Christopher Browne cbbrowne-Re5JQEeQqe8AvxtiuMwx3w at public.gmane.org
Mon Aug 6 02:31:49 UTC 2012


On Sun, Aug 5, 2012 at 1:51 PM, William Muriithi
<william.muriithi-Re5JQEeQqe8AvxtiuMwx3w at public.gmane.org> wrote:
> Hi,
>
> Happened to chat with someone today and at some point, the recent gun
> case at a movie theatre came up. I tried to explain that I believe it
> was just a case of someone frustrated by lack of a job and projecting
> his pain on society that he felt was not offering him a chance.
> However, according to her, its more complicated that that, apparently
> had to do with the movie industry involvement in dark religion and all
> that crap. So I asked her source and apparently its a website called
> vigilant citizen.
>
> This being the first time I heard of them, I was curious and checked
> it later. For me, it sound a tad off so I wanted to know who is behind
> it.
>
> http://vigilantcitizen.com/about/
>
> Its a Canadian but he has done a good job of not revealing anything
> more than that. Anybody heard about him before?  For example, I
> checked the owner of the domain and its hidden. Have not seen anybody
> who has written about his agenda but he seem to have a good number of
> followers.
>
> Anyway, I like the fact that Internet allow everyone to self publish,
> but some stuff are not too helpful.   I do agree that, in general it
> if far more helpful than its downsides.
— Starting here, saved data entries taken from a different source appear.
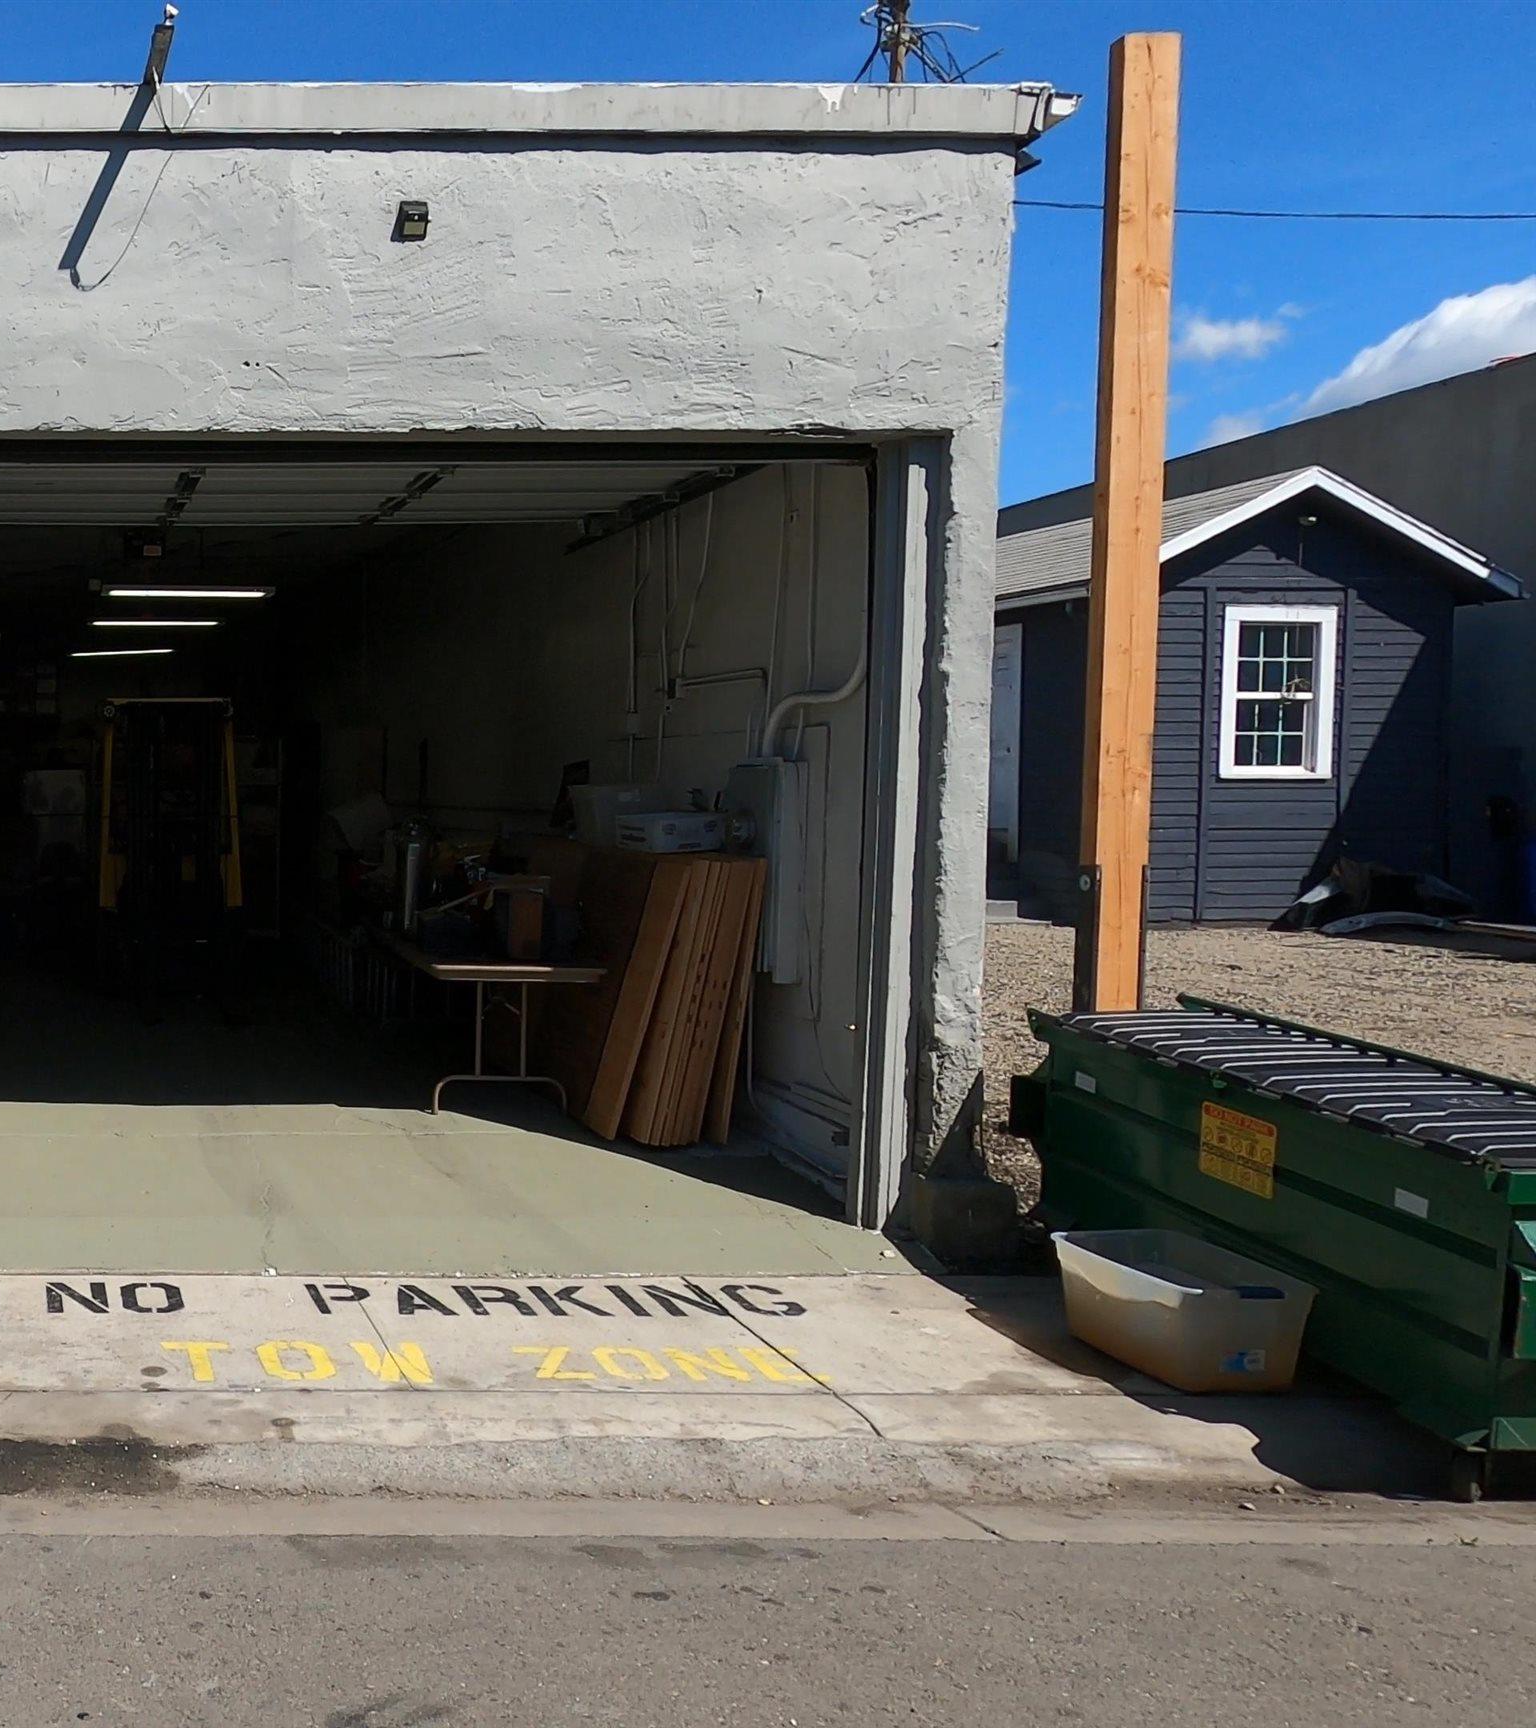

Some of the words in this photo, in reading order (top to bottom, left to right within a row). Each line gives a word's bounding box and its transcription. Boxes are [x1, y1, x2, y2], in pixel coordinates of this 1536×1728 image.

[45, 1282, 185, 1314] NO
[304, 1283, 807, 1317] PARKING
[160, 1340, 435, 1383] TOW
[512, 1344, 832, 1383] ZONE
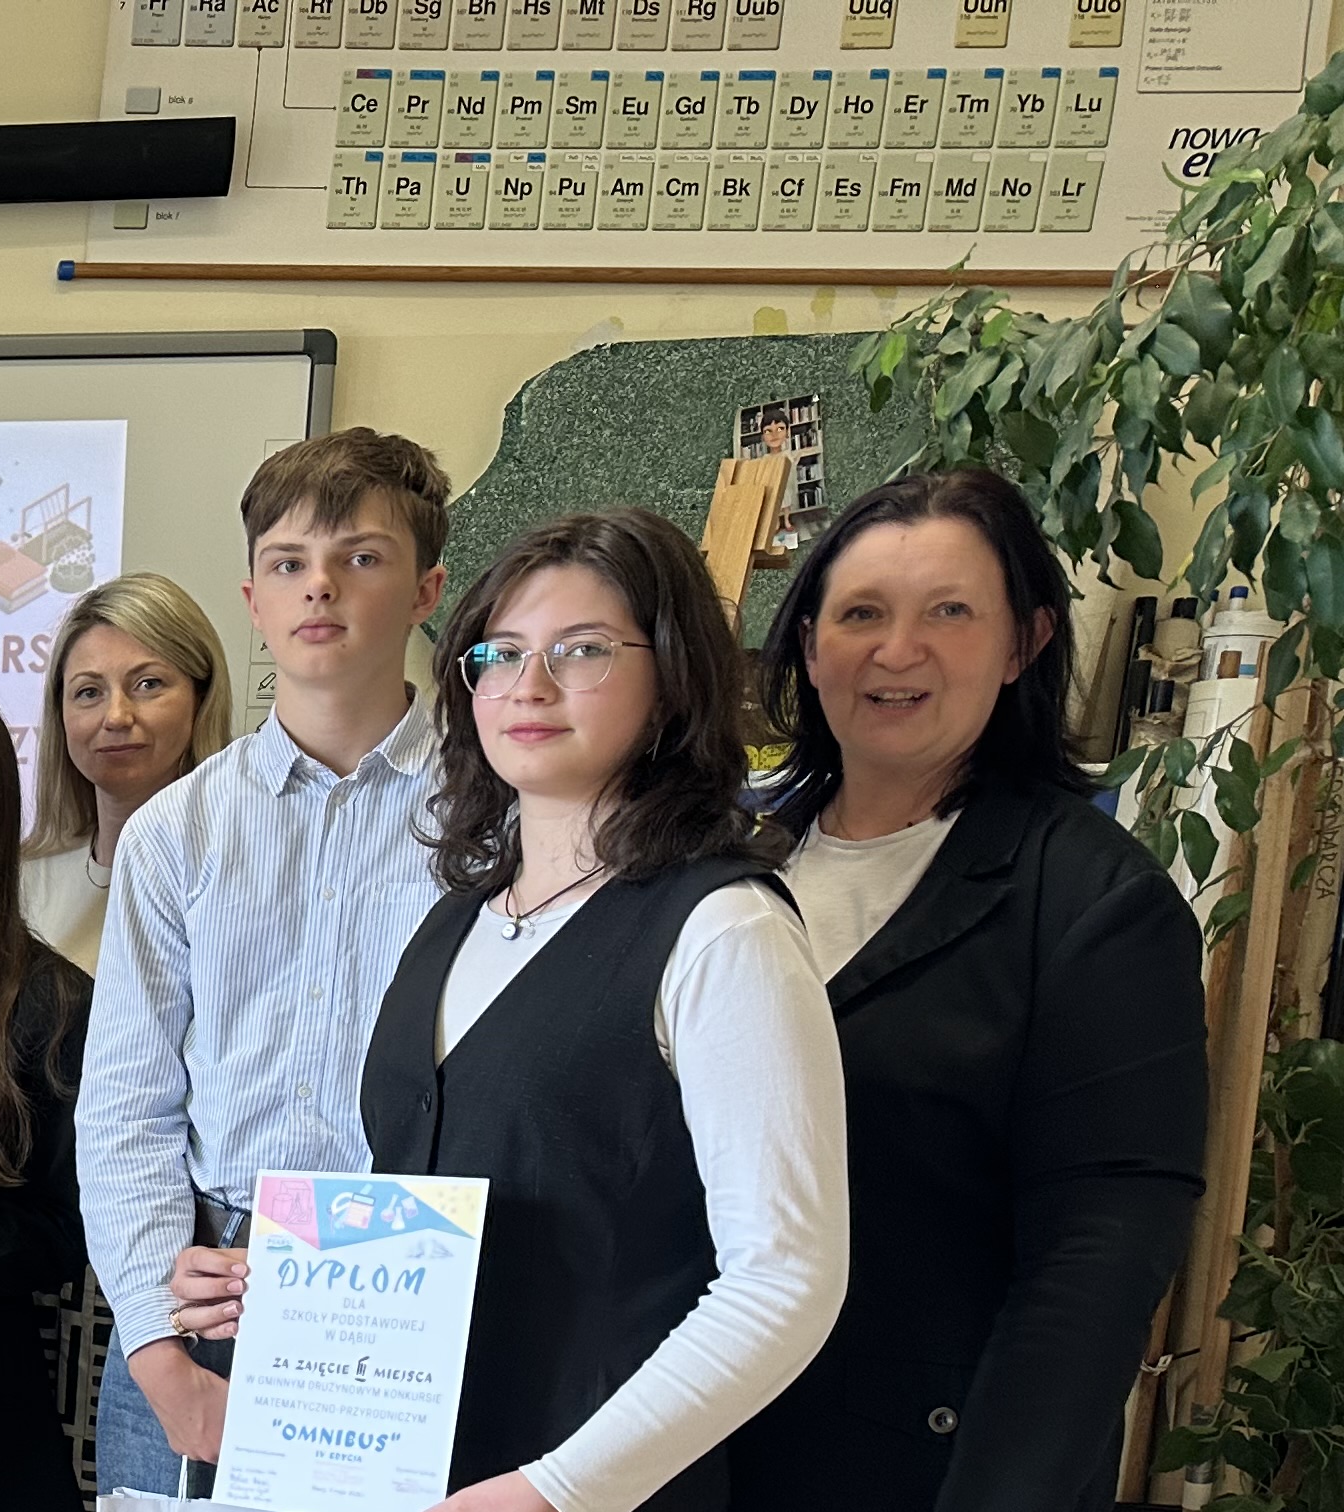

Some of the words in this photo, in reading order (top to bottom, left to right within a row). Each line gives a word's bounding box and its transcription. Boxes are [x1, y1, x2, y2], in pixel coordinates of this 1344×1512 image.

[352, 94, 377, 112] Ce
[407, 96, 429, 113] Pr
[457, 97, 485, 114] Nd
[511, 97, 542, 114] Pm
[566, 96, 596, 114] Sm
[623, 97, 648, 115] Eu
[676, 97, 705, 114] Gd
[734, 96, 759, 114] Tb
[788, 97, 818, 120] Dy
[844, 96, 873, 113] Ho
[904, 95, 928, 113] Er
[957, 95, 988, 112] Tm
[1018, 94, 1044, 112] Yb
[1075, 94, 1101, 112] Lu
[340, 177, 366, 194] Th
[396, 178, 420, 195] Pa
[456, 178, 470, 195] U
[503, 178, 532, 201] Np
[559, 178, 585, 195] Pu
[611, 179, 643, 195] Am
[666, 178, 698, 196] Cm
[723, 178, 750, 196] Bk
[781, 179, 804, 196] Cf
[835, 179, 861, 196] Es
[887, 179, 920, 196] Fm
[946, 178, 976, 196] Md
[1002, 178, 1031, 196] No
[1062, 178, 1085, 196] Lr
[278, 1258, 426, 1295] DYPLOM
[343, 1297, 365, 1309] DLA
[282, 1309, 327, 1325] SZKOŁY
[331, 1312, 424, 1332] PODSTAWOWEJ
[325, 1331, 337, 1341] W
[273, 1357, 289, 1369] ZA
[295, 1360, 349, 1376] ZAJĘCIE
[373, 1368, 432, 1383] MIEJSCA
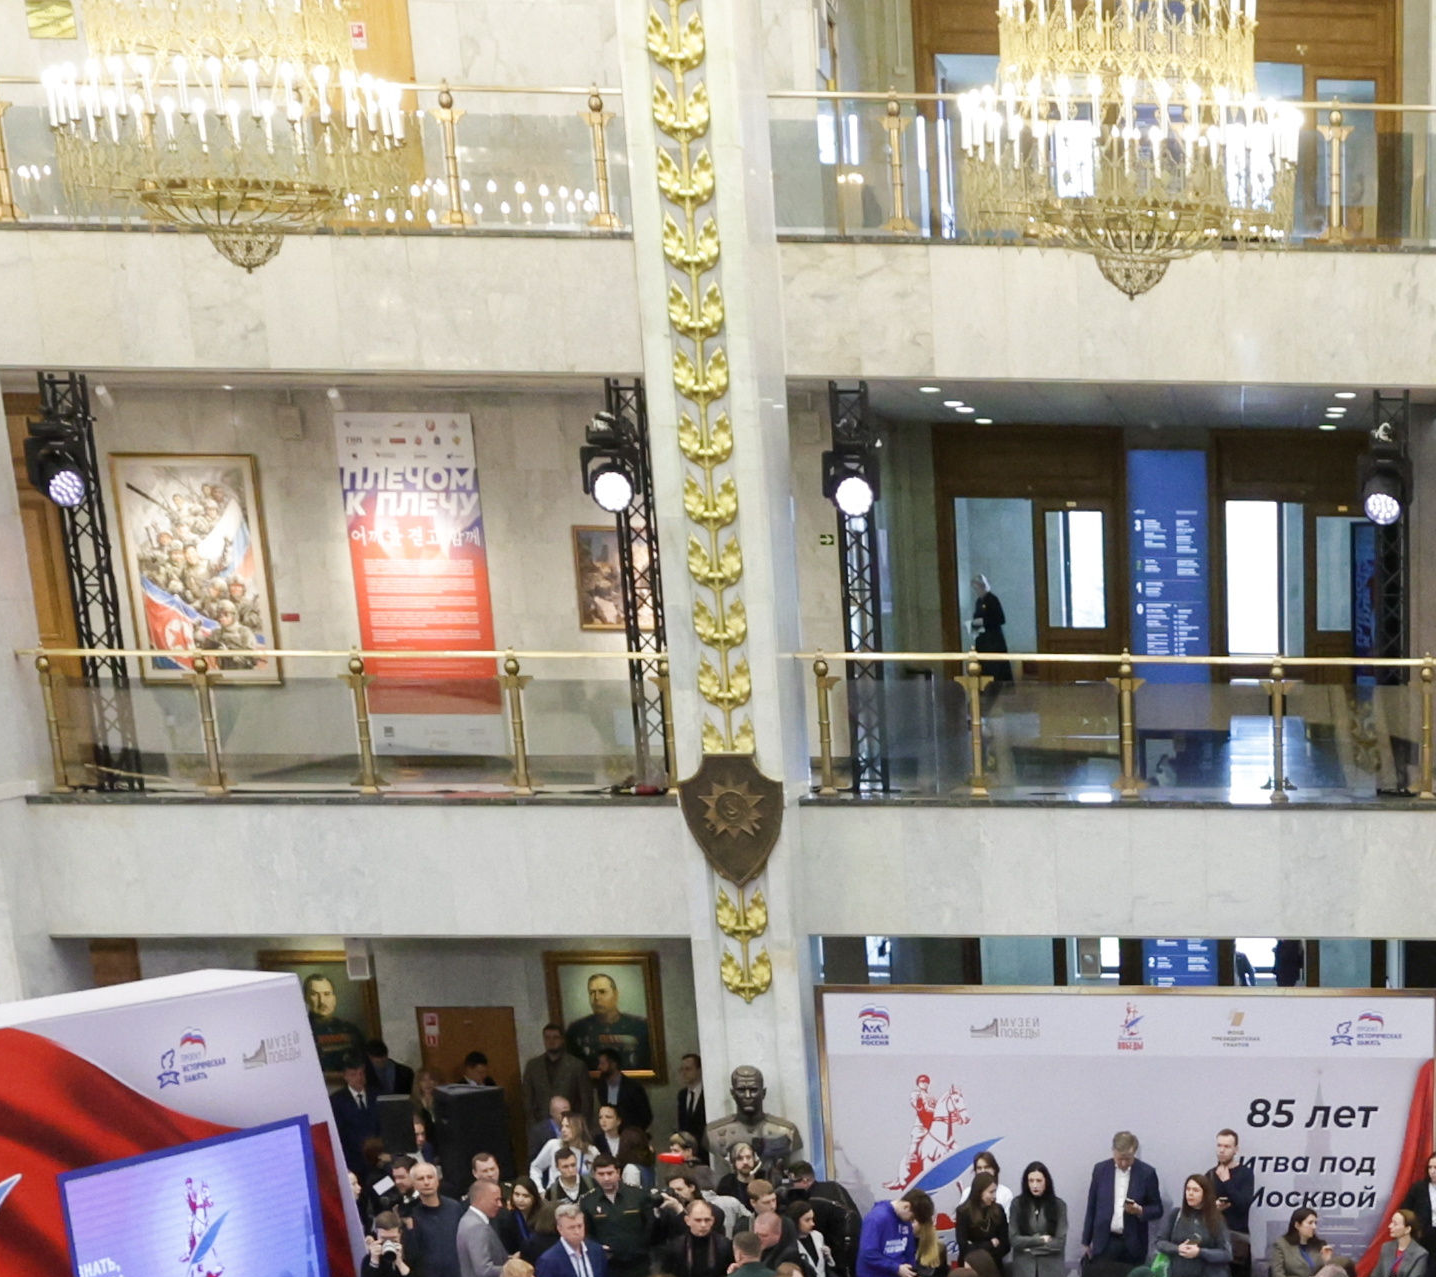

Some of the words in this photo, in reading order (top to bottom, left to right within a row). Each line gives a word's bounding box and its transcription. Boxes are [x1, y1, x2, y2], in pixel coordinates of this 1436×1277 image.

[343, 466, 475, 490] ПЛЕЧОМ
[345, 492, 366, 516] К
[375, 492, 478, 516] ПЛЕЧУ
[1135, 519, 1142, 531] 3
[1148, 957, 1155, 967] 2
[1000, 1017, 1040, 1027] МУЗЕЙ
[1000, 1028, 1040, 1039] ПОБЕДЫ
[1246, 1098, 1296, 1128] 85
[1304, 1105, 1379, 1128] лет
[1239, 1156, 1310, 1173] итва
[1319, 1157, 1375, 1176] под
Just wish people would be a
> little critical of what they read, both from mainstream media and
> small outlet there.

http://en.wikipedia.org/wiki/On_the_Internet,_nobody_knows_you're_a_dog

This guy would probably try to read some special semiotics into the
choice of "dog" as symbol; that seems not uncommon amongst conspiracy
theorists, who, instead of trying to cultivate "ceteris parabis" (the
economist's attempt at independence of issues, "all other things being
equal"), seem incapable of imagining that anything ever occurs without
conscious purpose by the conspiracists.

As Freud is thought to have said, "Sometimes a cigar is just a cigar."
 <http://quoteinvestigator.com/2011/08/12/just-a-cigar/>

The author of that web site falls pretty quickly into fallacy...  He
points to the notion that Would-be Conspiracy Operators are keen on
extreme degrees of use of symbology, which I think I'd be inclined to
agree with.

But then claims that "they recruit within their ranks the most
prominent people of all fields of society: politics, law and public
service."  No doubt such organizations would *like* to do so.  I
remember seeing ads in the backs of magazines where the Rosicrucians
were keen on hawking memberships on the basis that famous dead people
like Francis Bacon, Benjamin Franklin, Thomas Jefferson, Leonardo da
Vinci, Isaac Newton were members.
http://www.straightdope.com/columns/read/2225/what-is-rosicrucianism-all-about
 If wishes were fishes, they'd have a *big* fish tale.

Whether Freud said so or not, sometimes a cigar is "just a cigar," but
there are doubtless people including your acquaintance that are
incapable of accepting that.
-- 
When confronted by a difficult problem, solve it by reducing it to the
question, "How would the Lone Ranger handle this?"